Provided information START

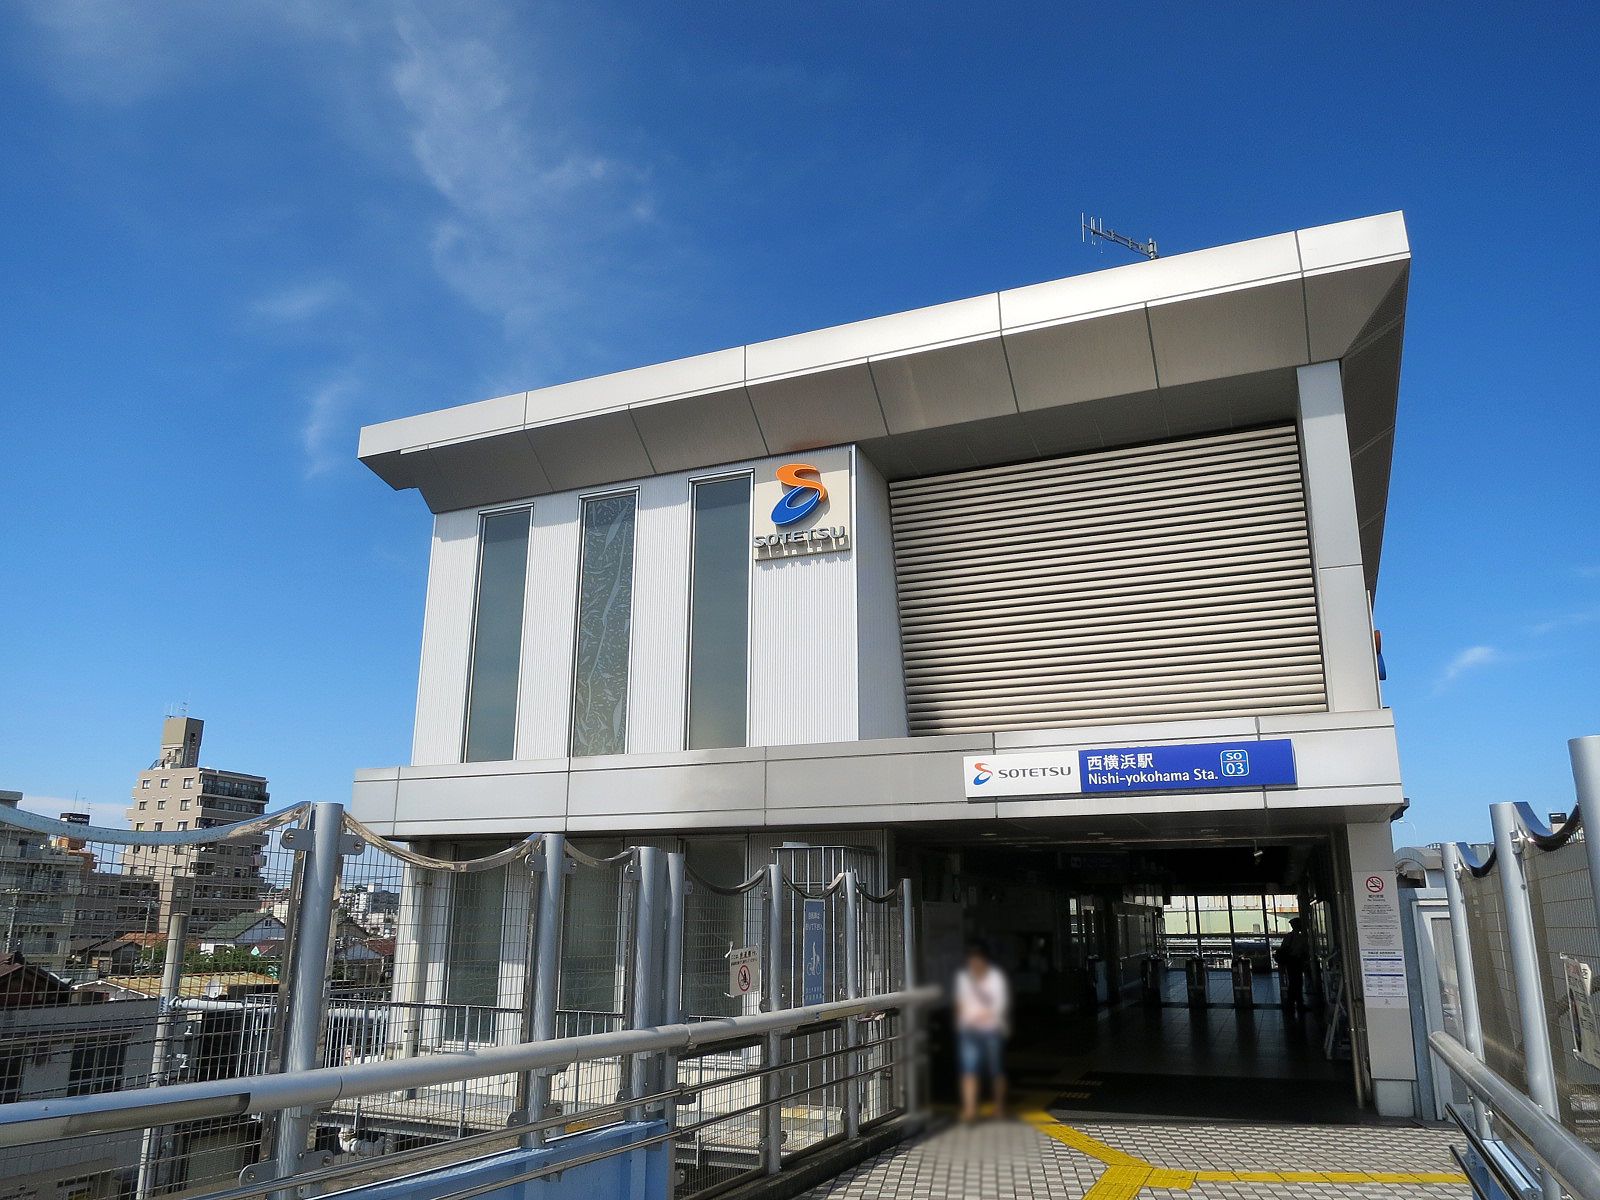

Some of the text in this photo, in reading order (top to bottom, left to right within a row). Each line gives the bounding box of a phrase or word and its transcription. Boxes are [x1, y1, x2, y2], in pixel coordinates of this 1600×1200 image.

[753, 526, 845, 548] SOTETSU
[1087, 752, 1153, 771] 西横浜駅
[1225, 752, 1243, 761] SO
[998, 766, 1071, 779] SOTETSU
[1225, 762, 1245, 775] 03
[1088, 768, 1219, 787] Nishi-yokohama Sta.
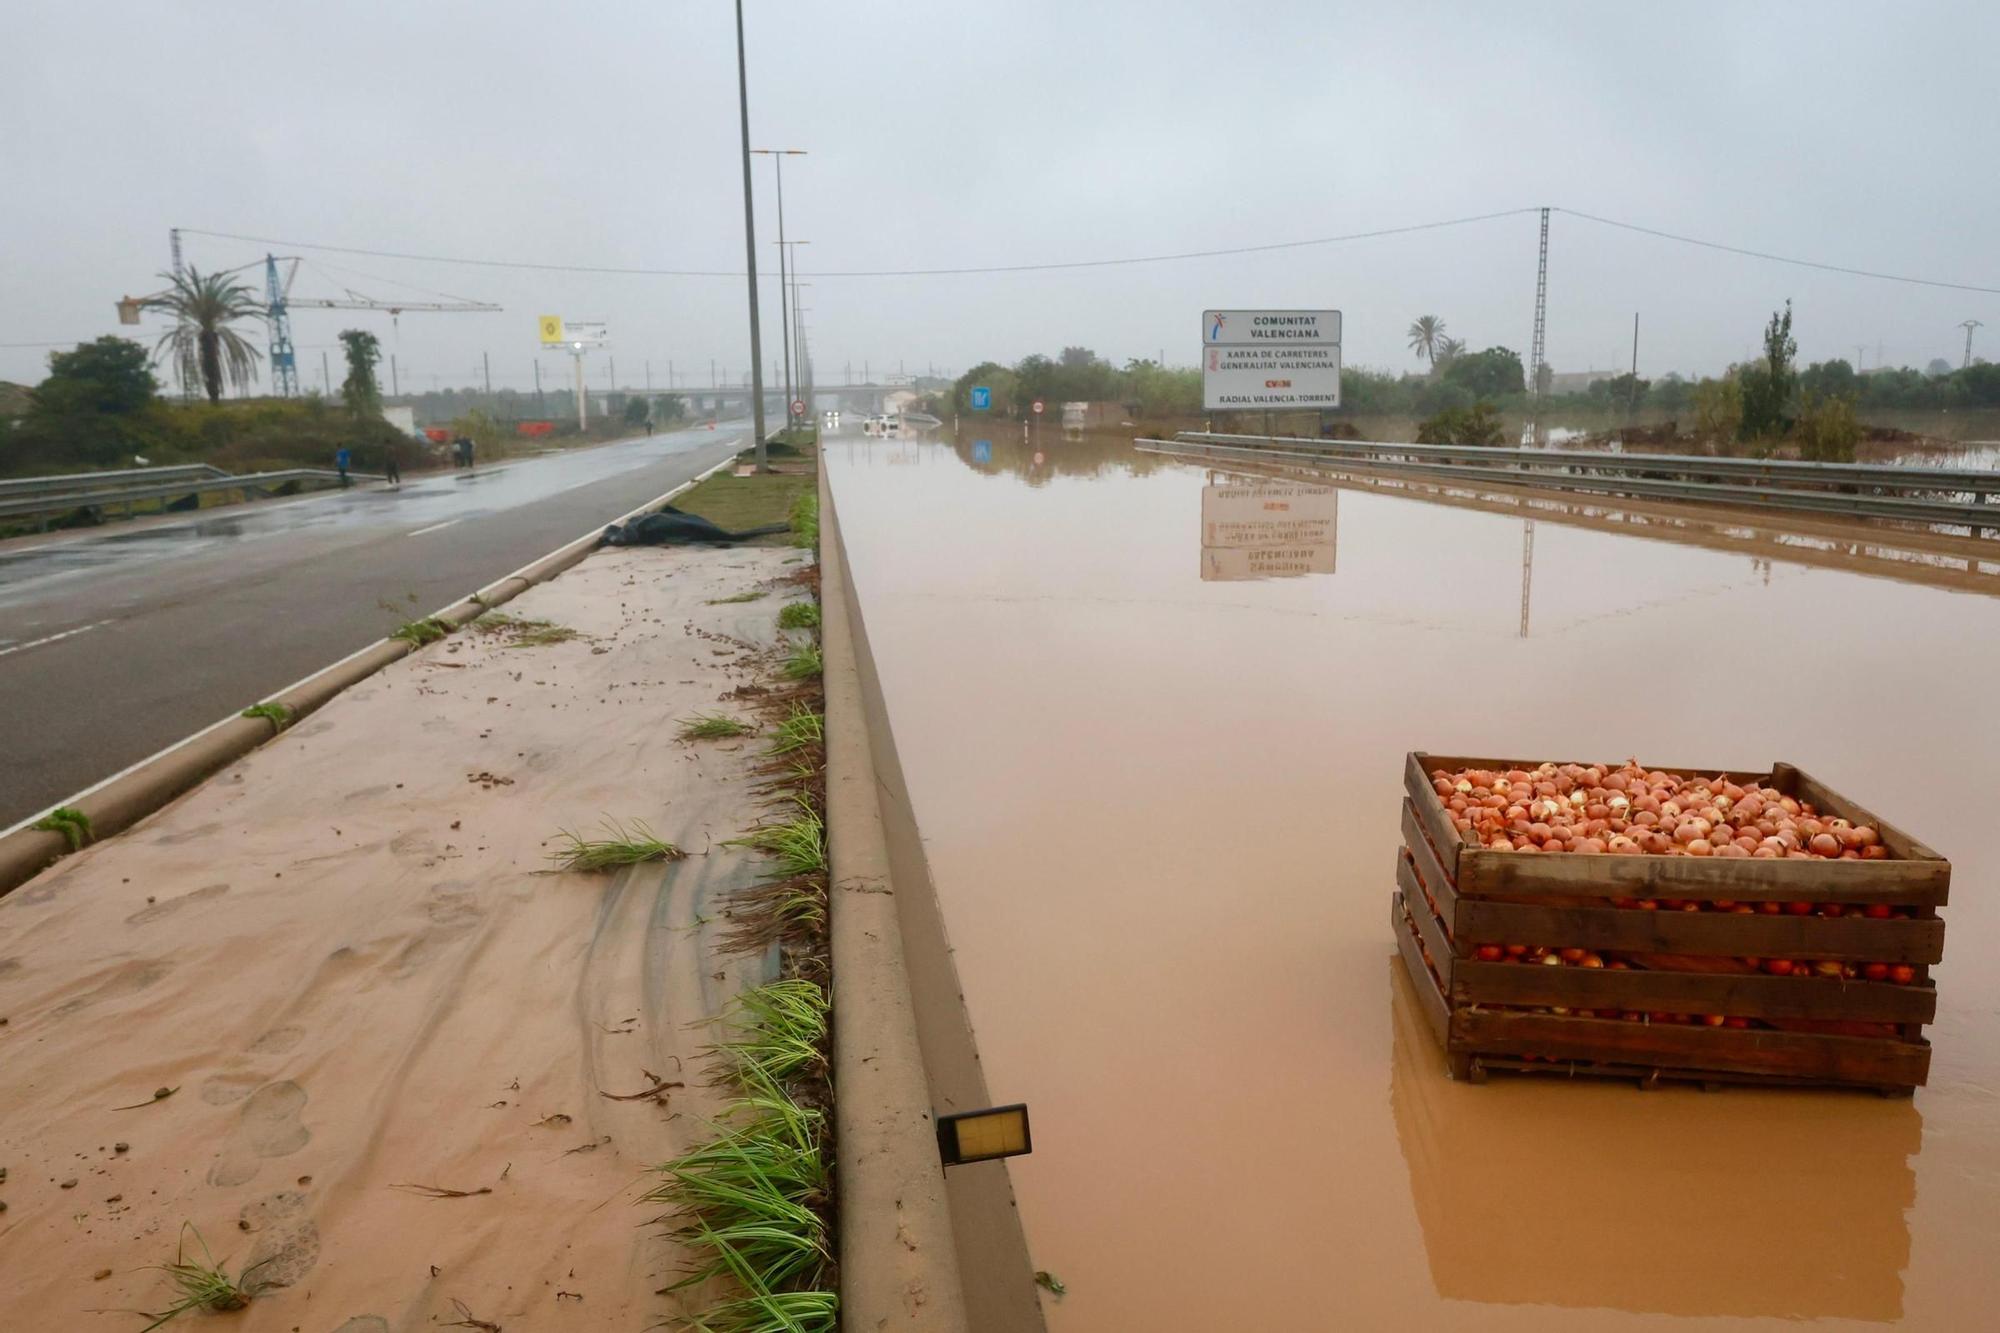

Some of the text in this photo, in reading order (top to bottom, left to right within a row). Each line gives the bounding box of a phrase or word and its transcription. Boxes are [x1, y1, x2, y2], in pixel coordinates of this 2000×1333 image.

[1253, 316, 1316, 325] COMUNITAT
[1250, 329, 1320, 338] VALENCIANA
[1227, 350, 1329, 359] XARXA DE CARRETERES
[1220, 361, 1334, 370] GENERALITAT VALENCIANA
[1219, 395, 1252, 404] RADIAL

Provided information END

- _About this exercise_: Retype the entries verbatim and drop the pictures.

- _Problem solution_:
Some of the text in this photo, in reading order (top to bottom, left to right within a row). Each line gives the bounding box of a phrase or word and its transcription. Boxes are [x1, y1, x2, y2], in pixel coordinates of this 1600×1200 image.

[753, 526, 845, 548] SOTETSU
[1087, 752, 1153, 771] 西横浜駅
[1225, 752, 1243, 761] SO
[998, 766, 1071, 779] SOTETSU
[1225, 762, 1245, 775] 03
[1088, 768, 1219, 787] Nishi-yokohama Sta.

Some of the text in this photo, in reading order (top to bottom, left to right within a row). Each line gives the bounding box of a phrase or word and its transcription. Boxes are [x1, y1, x2, y2], in pixel coordinates of this 2000×1333 image.

[1253, 316, 1316, 325] COMUNITAT
[1250, 329, 1320, 338] VALENCIANA
[1227, 350, 1329, 359] XARXA DE CARRETERES
[1220, 361, 1334, 370] GENERALITAT VALENCIANA
[1219, 395, 1252, 404] RADIAL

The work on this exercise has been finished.